Dataset content:
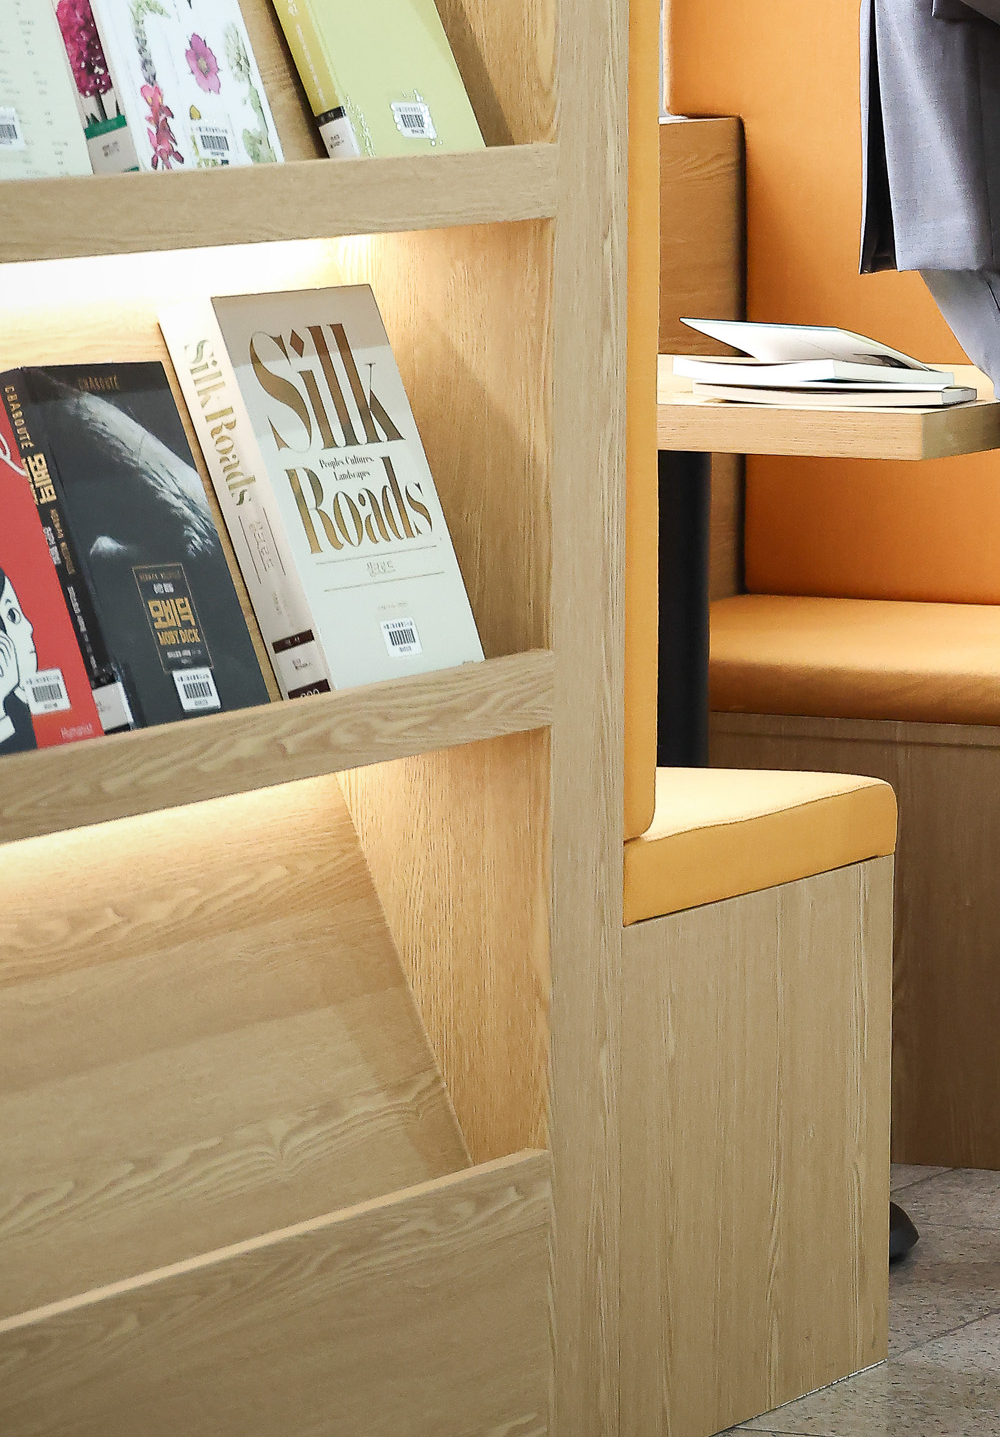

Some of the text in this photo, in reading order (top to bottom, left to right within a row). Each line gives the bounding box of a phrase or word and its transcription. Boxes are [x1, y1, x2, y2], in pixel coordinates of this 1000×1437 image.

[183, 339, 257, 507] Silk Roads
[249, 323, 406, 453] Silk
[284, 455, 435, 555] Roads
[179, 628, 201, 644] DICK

Required action: Please return the material above unchanged, with every picture removed.

Written answer:
Some of the text in this photo, in reading order (top to bottom, left to right within a row). Each line gives the bounding box of a phrase or word and its transcription. Boxes are [x1, y1, x2, y2], in pixel coordinates of this 1000×1437 image.

[183, 339, 257, 507] Silk Roads
[249, 323, 406, 453] Silk
[284, 455, 435, 555] Roads
[179, 628, 201, 644] DICK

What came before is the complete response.